• _Referring expression grounding data_
---
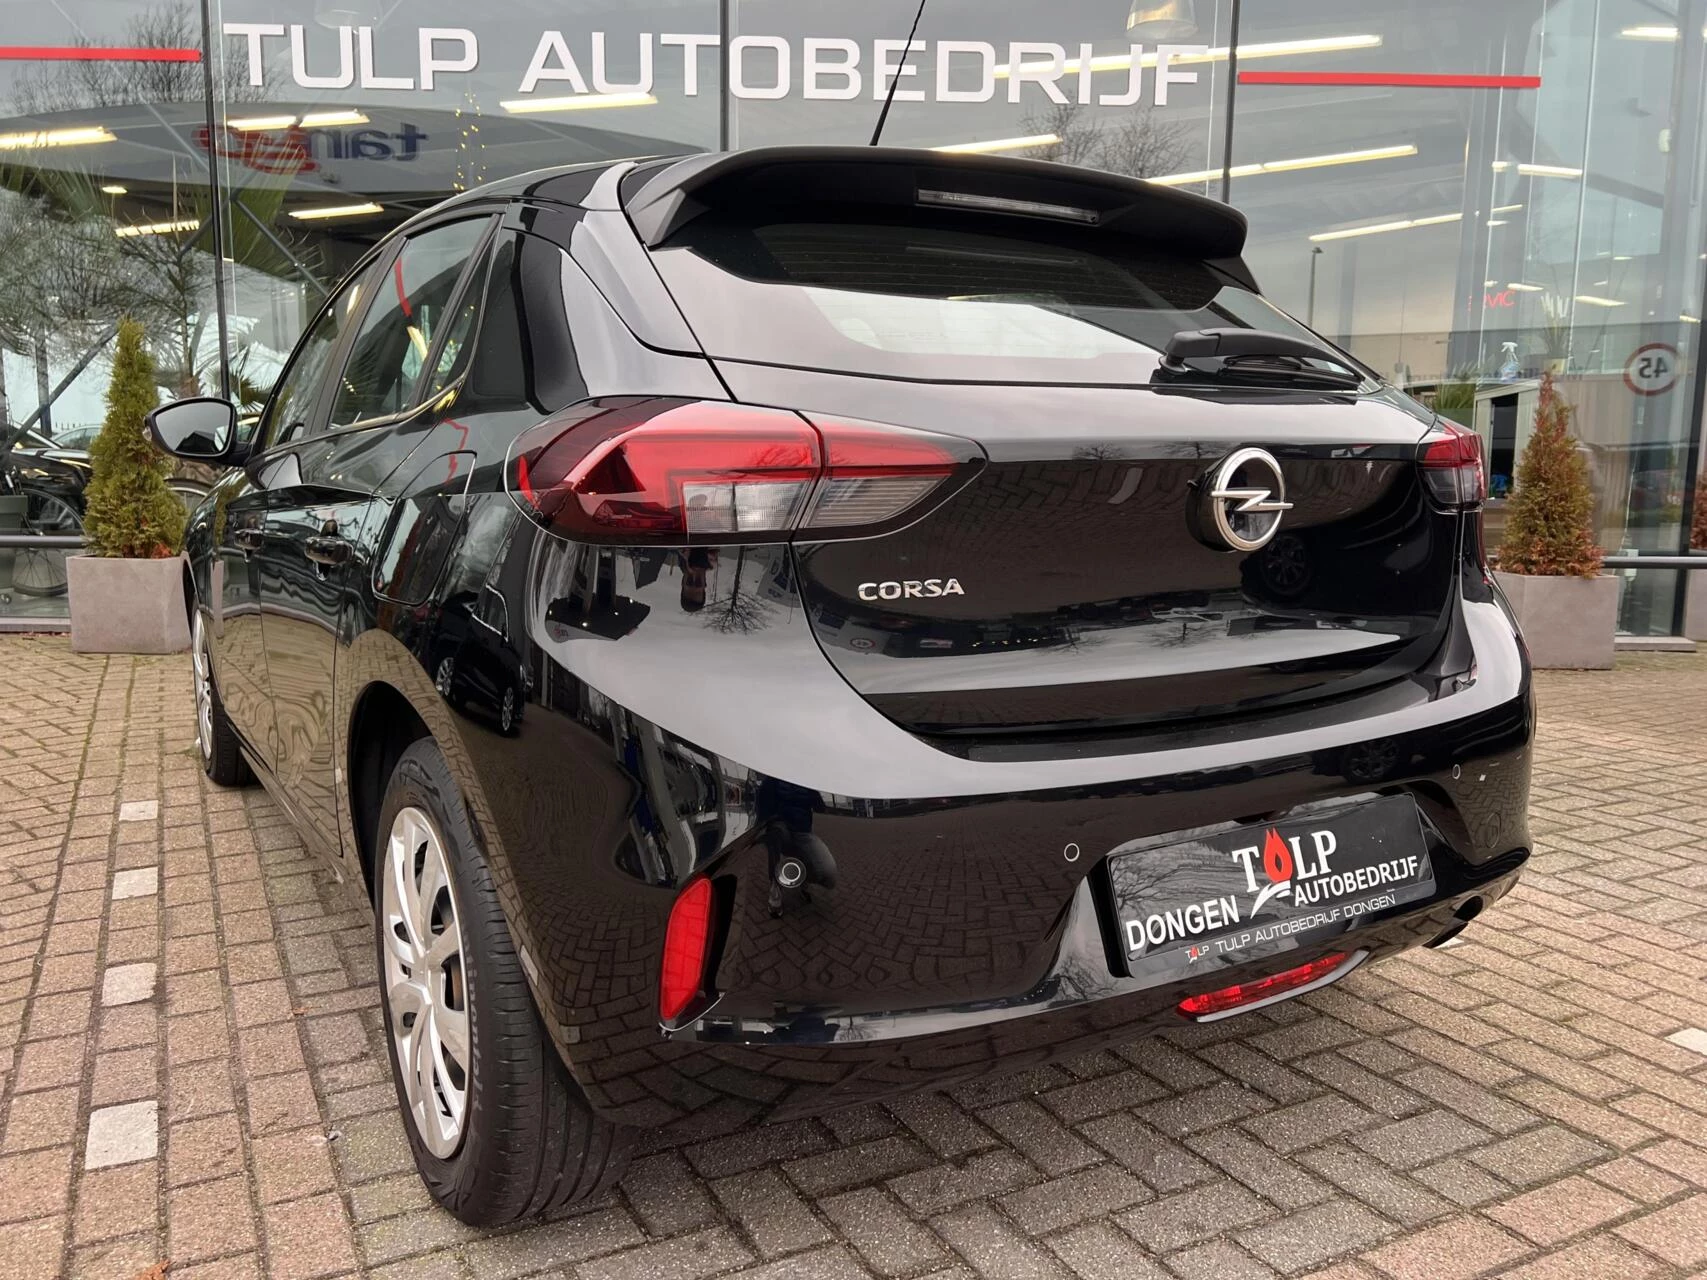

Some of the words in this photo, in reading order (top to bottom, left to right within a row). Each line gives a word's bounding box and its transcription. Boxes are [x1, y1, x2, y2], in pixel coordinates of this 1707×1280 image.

[223, 23, 479, 91] TULP
[518, 30, 1208, 106] AUTOBEDRIJF
[857, 577, 966, 601] CORSA
[1126, 894, 1241, 952] DONGEN
[1293, 855, 1419, 907] AUTOBEDRIJF
[1215, 933, 1251, 954] TULP
[1255, 908, 1341, 943] AUTOBEDRIJF
[1344, 893, 1397, 918] DONGEN
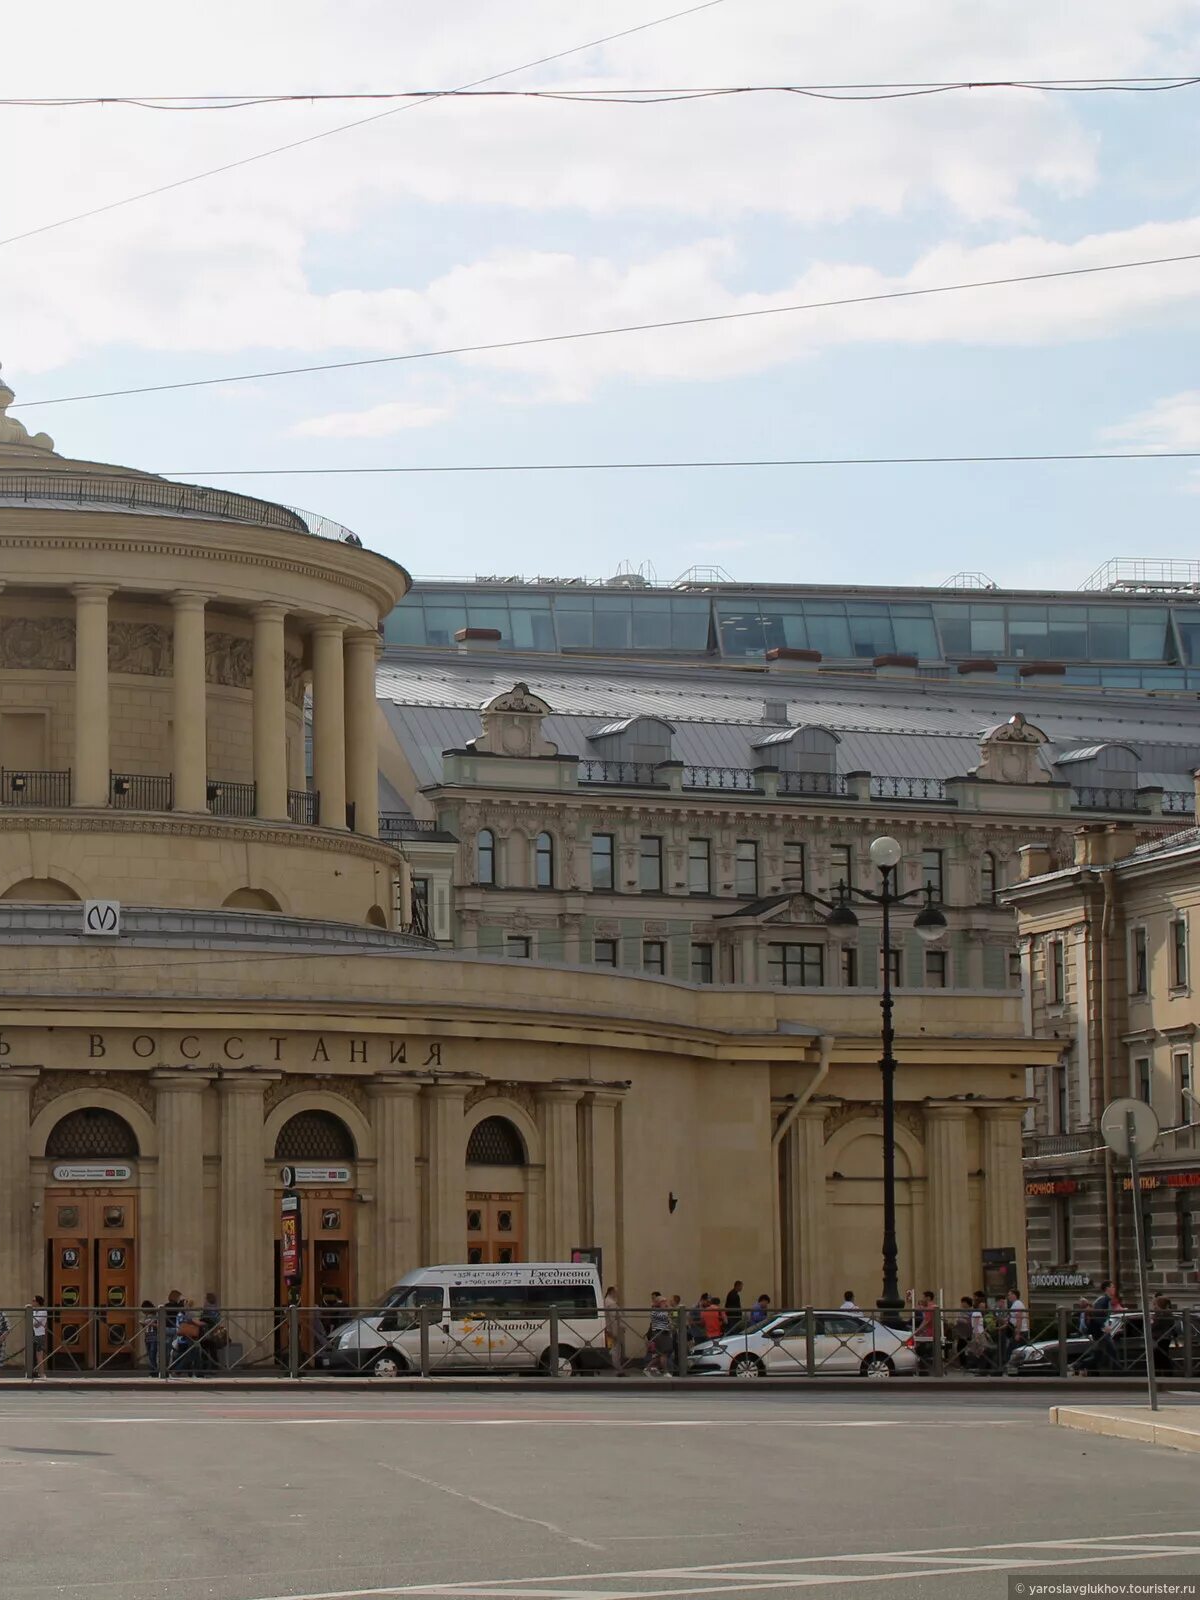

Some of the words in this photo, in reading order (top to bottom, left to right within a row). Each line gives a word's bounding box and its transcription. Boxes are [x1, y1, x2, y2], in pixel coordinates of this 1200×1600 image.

[88, 1034, 442, 1066] ВОССТАНИЯ
[530, 1268, 591, 1278] Ежедневно
[537, 1277, 594, 1285] Хельсинки
---
• _Problem statement_
Write out the lines above exactly, but only from the one containing "this 1200×1600 image." through the last one.

• _Response to the task_
Some of the words in this photo, in reading order (top to bottom, left to right within a row). Each line gives a word's bounding box and its transcription. Boxes are [x1, y1, x2, y2], in pixel coordinates of this 1200×1600 image.

[88, 1034, 442, 1066] ВОССТАНИЯ
[530, 1268, 591, 1278] Ежедневно
[537, 1277, 594, 1285] Хельсинки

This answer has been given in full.